LA STORIA GUARDA AL FUTURO
A 40 anni dalla nascita la Range Rover ha mantenuto intatta la sua immagine di status symbol, introducendo il secondo modello Range Rover Sport e preparandosi a presentare il terzo modello della gamma al Salone di Parigi 2010 (Land Rover Compact Vehicle o LRX), già annunciato come più compatto, leggero ed efficiente nei consumi. Ripercorrendo le fasi evolutive della Range Rover si può meglio capire la filosofia progettuale e produttiva che l'ha portata a vincere la prima Parigi-Dakar nel 1979 (e nel 1981) e a popolare con più di 500.000 unità le strade di tutto il mondo.

GLI INIZI
Padre della Range Rover è Charles Spencer "Spen" King, ingegnere capo di Rover che intende coniugare la praticità su tutti i terreni della Land Rover con il comfort delle berline marchiate Rover. I primi lavori sul prototipo della "station wagon da 100 pollici" cominciano nel 1966 e hanno nel mirino un manipolo di fuoristrada americani di grandi dimensioni che rispondono ai nomi di Jeep Wagoneer, Ford Bronco e International Harvester Scout. L'idea è quella di realizzare una massiccia station wagon che mantenga tutte le caratteristiche di mobilità di Land Rover e possa al contempo offrire un design moderno e tutte le comodità di un'ammiraglia. Il primo modello definitivo, oggi noto anche come "Classic", debutta appunto nel 1970 e oltre alle 2 porte sfoggia carrozzeria in alluminio, trazione integrale permanente, quattro freni a disco e sospensioni a molle elicoidali a corsa lunga al posto delle più diffuse balestre. Le dimensioni esterne sono di 4.449x1.820x1.835 mm, con un passo di 2.540 mm.

EFFETTO MODA
L'impatto iniziale di una 4x4 che ha il prezzo d'acquisto pari a quello di un'ammiraglia di lusso viene rapidamente superato dal passaparola degli appassionati che ne elogiano le doti da fuoristrada inarrestabile e dallo scatenarsi di una moda che porta la Range Rover a invadere le più famose località turistiche, spesso con VIP e personaggi famosi al volante.

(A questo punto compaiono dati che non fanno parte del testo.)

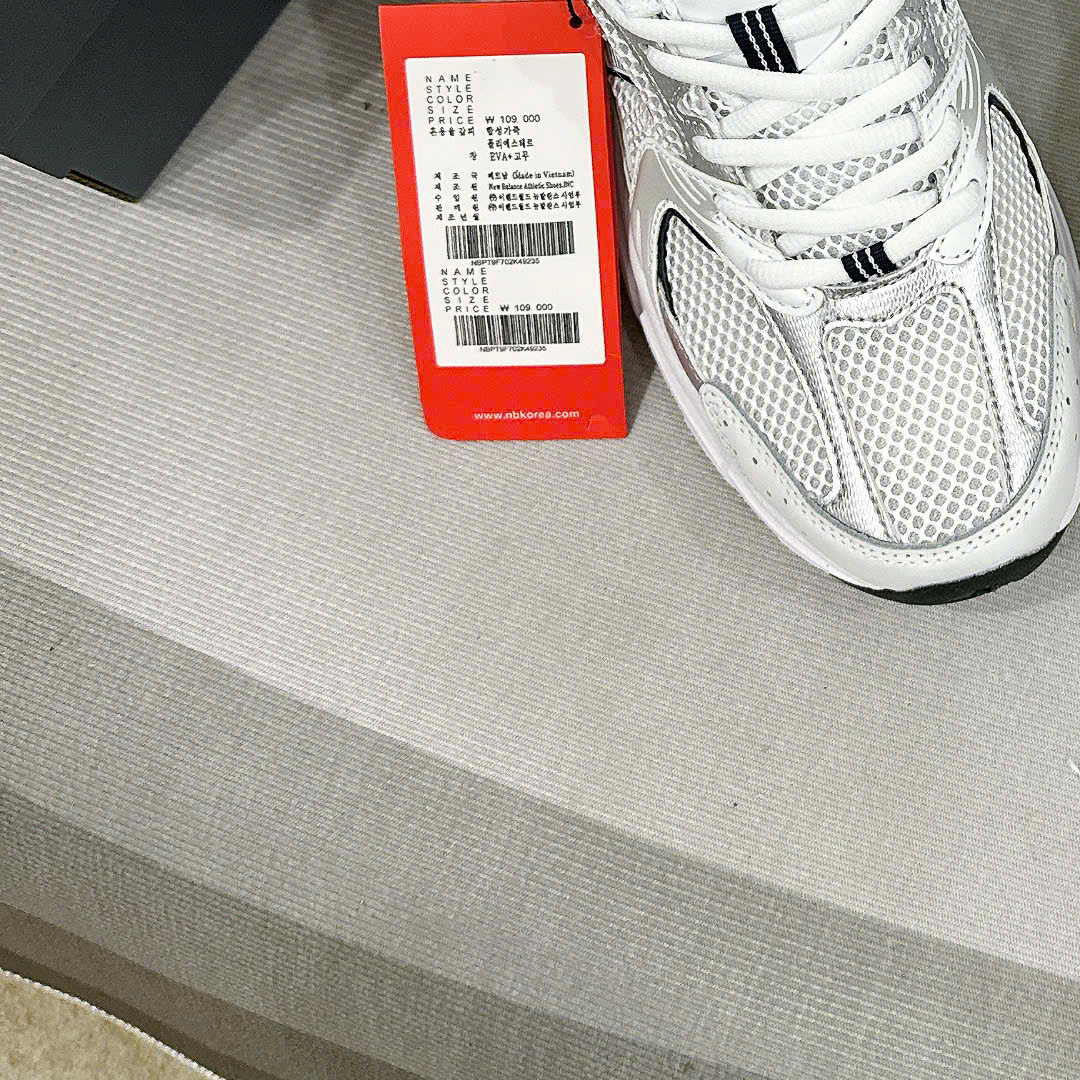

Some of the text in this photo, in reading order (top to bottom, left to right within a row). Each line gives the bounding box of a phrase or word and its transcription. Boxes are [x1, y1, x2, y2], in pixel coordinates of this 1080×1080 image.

[425, 73, 472, 83] NAME
[425, 84, 472, 94] STYLE
[426, 95, 474, 104] COLOR
[427, 105, 474, 115] SIZE
[428, 116, 474, 125] PRICE
[441, 267, 487, 276] NAME
[441, 277, 487, 286] STYLE
[443, 287, 489, 296] COLOR
[444, 296, 489, 304] SIZE
[445, 305, 489, 313] PRICE
[474, 410, 580, 420] www.nbkorea.com

Pur senza inserti in legno o finiture particolarmente lussuose, la Range Rover "Classic" conquista il pubblico con le virtù di mezzo multiuso, spazioso e robusto, contando fra i suoi clienti più fedeli i professionisti in cerca di un affidabile mezzo di lavoro. Merito del successo è da attribuire anche alle linee semplici e innovative della carrozzeria tratteggiate da David Bache, con fiancate piatte, sbalzi ridotti e montanti sottili dipinti di nero che danno l'effetto del tetto sospeso e donano luminosità all'abitacolo.

PER 16 ANNI SOLO V8
Nei primi 16 anni di produzione della Range Rover "Classic" l'unico motore disponibile è il V8 benzina in alluminio con asse a camme centrale e alimentazione a carburatori di origini Buick/General Motors, con una cilindrata di 3,5 litri che permette di esprimere una potenza massima di 135 CV. La trazione integrale permanente alle quattro ruote, fatto piuttosto insolito per l'epoca, viene ottenuta tramite un cambio manuale 4 marce con ridotte, abbinato al differenziale centrale bloccabile. Nel 1985 arriva l'alimentazione a iniezione, mentre la cilindrata viene portata a 3,9 litri nel 1989 e a 4,2 litri nel 1992 per migliorare le prestazioni. Nel frattempo sono stati aggiunti il servosterzo, l'overdrive sulla quarta marcia, l'opzione del cambio automatico (Chrysler 3 marce nel 1982 e ZF 5 marce nel 1985) e la trasmissione manuale a 5 marce (1983). Il 1981 è l'anno delle quattro porte, elemento giudicato essenziale per poter avviare la commercializzazione negli USA (1987). Grazie alle quattro porte la Range Rover assume ancor più l'aspetto di una berlina di lusso rialzata, pronta ad accogliere comodamente i passeggeri e ad affrontare anche i percorsi più difficili.

ARRIVA IL DIESEL
Poco oltre la metà di un ciclo produttivo che dura 25 anni la Range Rover "Classic" viene equipaggiata con un propulsore a gasolio. E' infatti nel 1986 che, dopo i primi infruttuosi esperimenti con il V8 diesel Land Rover-Perkins, sulla Range Rover debutta il 4 cilindri turbodiesel di 2,4 litri dell'italiana VM. La prima versione è caratterizzata da una potenza di soli 112 CV, fatto che non impedisce comunque alla Range Rover Turbodiesel di conquistare la clientela europea. Nel 1990 la cilindrata sale a 2,5 litri e la potenza a 121 CV e il 1992 vede l'arrivo della versione LSE a passo lungo. Fra le anteprime mondiali per una 4x4 la Range Rover può vantare poi l'adozione dell'ABS nel 1989 (di serie sulle versioni top), delle sospensioni pneumatiche a controllo elettronico (EAS) e del controllo elettronico della trazione nel 1992. Nel 1994 fa il suo debutto la seconda serie, ma la Range Rover "Classic" continua ad essere prodotta fino al 1996, arrivando a totalizzare 317.615 unità.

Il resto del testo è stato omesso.